Having fused classical Chinese and postmodernist Western aesthetics in ink, watercolour, and woven paper installations, Amy Loewan has achieved numerous awards and international acclaim that magnify her goal: peace, harmony, and understanding via art.

Born in Hong Kong in 1945, Amy Loewan (originally Luk-Loewan) immigrated at age 19 to the U.S. After receiving a B.Sc. in Occupational Therapy at the University of Illinois in 1970, Loewan created art that joined group exhibitions in Melbourne, Australia (1976 – 1977).

After moving to Edmonton in 1978 to continue occupational therapy, Loewan began twelve years’ work as an art therapist (and in 1986 coordinated Alberta’s first Art Therapy Conference). By 1981 she began joining scores of group showings across Western Canada, Ontario, and in New York, Shanghai, and Hong Kong.

It was not until 1988’s inclusion in Edmonton’s The Works: A Visual Arts Celebration that Loewan achieved the first of dozens of solo exhibitions across Canada. After earning her BFA with Distinction (1992) and MFA in painting (1995) at the University of Alberta, she represented Alberta at the National Forum on Culture and Diversity at the Museum of Civilisation in Ottawa, and as Edmonton Arts Council’s visual arts representative in South Korea.

Loewan’s greatest acclaim arises from her multimedia installation A Peace Project (2001) which toured Canada.
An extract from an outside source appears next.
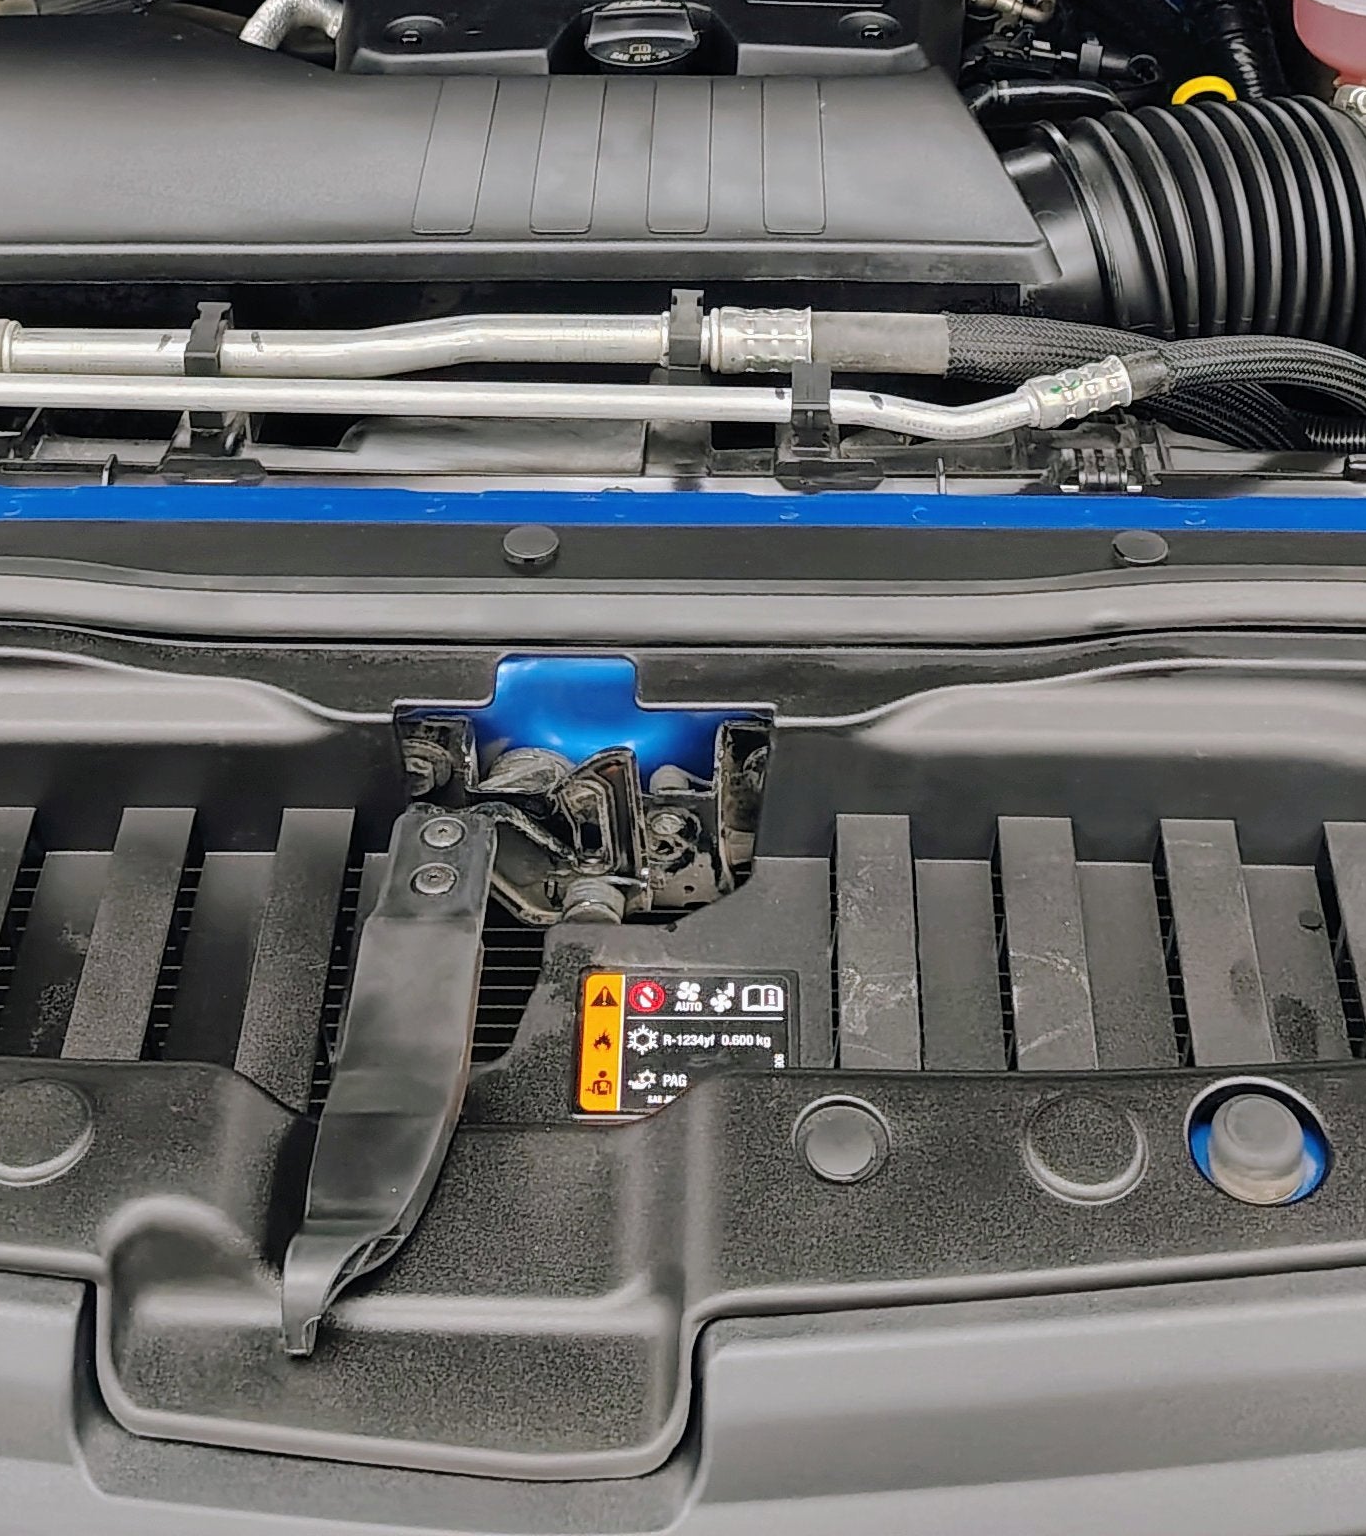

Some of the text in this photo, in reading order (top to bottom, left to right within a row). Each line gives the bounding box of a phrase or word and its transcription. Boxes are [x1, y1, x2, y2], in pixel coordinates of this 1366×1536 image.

[674, 1001, 703, 1012] AUTO
[662, 1033, 772, 1049] R-1234yf 0.600 kg
[662, 1073, 688, 1088] PAG
In 2004, the Shanghai Doland Modern Art Museum and the Hong Kong Visual Arts Centre exhibited A Peace Project, certified in 2010 as a Cultural Property of Canada. Composed of woven rice paper mandalas, the 2.4 metre-tall installation featured woven strips of text in 30 languages, from Arabic to Zulu, with eight words exalting the best in humanity: compassion, kindness, respect, understanding, patience, tolerance, gentleness and forgiveness.

Loewan has won a range of civic, national, and international honours including the Canadian Artists and Producers Professional Relations Tribunal’s Award for Excellence in the Arts (1998) for works honouring the United Nations’ Universal Declaration of Human Rights.